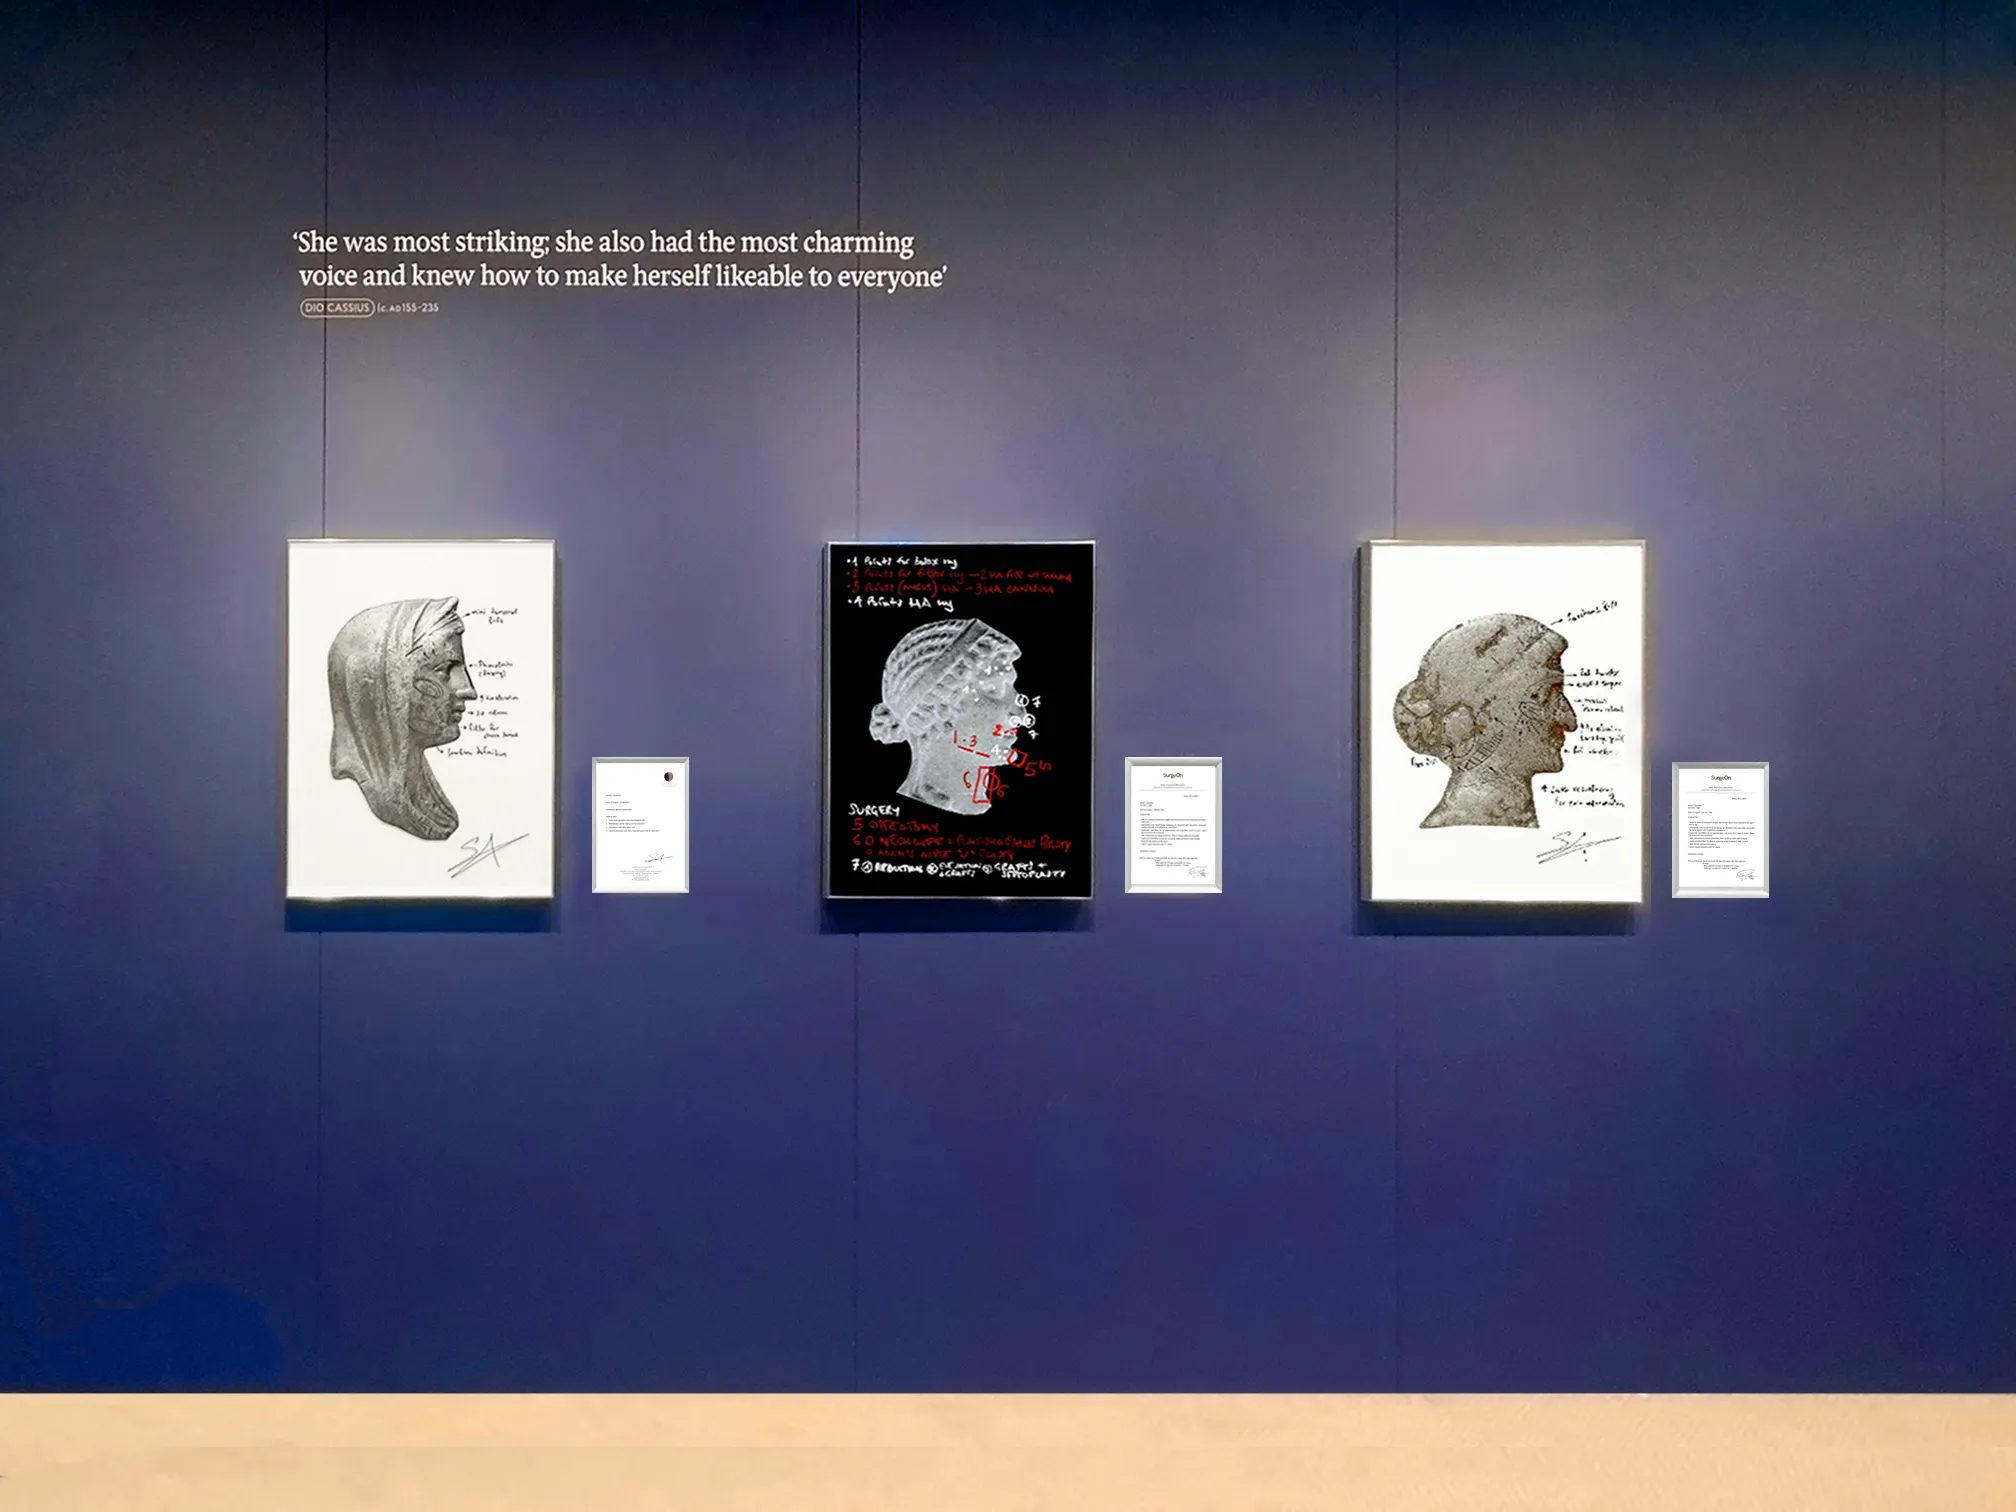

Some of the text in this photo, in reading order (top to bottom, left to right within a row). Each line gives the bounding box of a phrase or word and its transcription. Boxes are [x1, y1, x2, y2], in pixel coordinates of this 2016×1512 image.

[343, 236, 387, 252] was
[394, 233, 450, 252] most
[456, 229, 549, 258] striking;
[556, 230, 593, 252] she
[599, 230, 644, 252] also
[651, 230, 693, 252] had
[699, 230, 735, 252] the
[741, 233, 798, 252] most
[804, 230, 914, 259] charming
[299, 265, 357, 286] voice
[363, 264, 406, 286] and
[412, 263, 475, 285] knew
[481, 263, 531, 285] how
[536, 266, 559, 285] to
[565, 264, 627, 286] make
[633, 264, 712, 286] herself
[716, 264, 803, 286] likeable
[809, 267, 832, 286] to
[306, 303, 324, 312] DIO
[327, 303, 369, 312] CASSIUS
[968, 735, 978, 748] 3

- [Required action]:
None of the pictures should be carried over when the data above is transcribed exactly.

- [Solution to this exercise]:
Some of the text in this photo, in reading order (top to bottom, left to right within a row). Each line gives the bounding box of a phrase or word and its transcription. Boxes are [x1, y1, x2, y2], in pixel coordinates of this 2016×1512 image.

[343, 236, 387, 252] was
[394, 233, 450, 252] most
[456, 229, 549, 258] striking;
[556, 230, 593, 252] she
[599, 230, 644, 252] also
[651, 230, 693, 252] had
[699, 230, 735, 252] the
[741, 233, 798, 252] most
[804, 230, 914, 259] charming
[299, 265, 357, 286] voice
[363, 264, 406, 286] and
[412, 263, 475, 285] knew
[481, 263, 531, 285] how
[536, 266, 559, 285] to
[565, 264, 627, 286] make
[633, 264, 712, 286] herself
[716, 264, 803, 286] likeable
[809, 267, 832, 286] to
[306, 303, 324, 312] DIO
[327, 303, 369, 312] CASSIUS
[968, 735, 978, 748] 3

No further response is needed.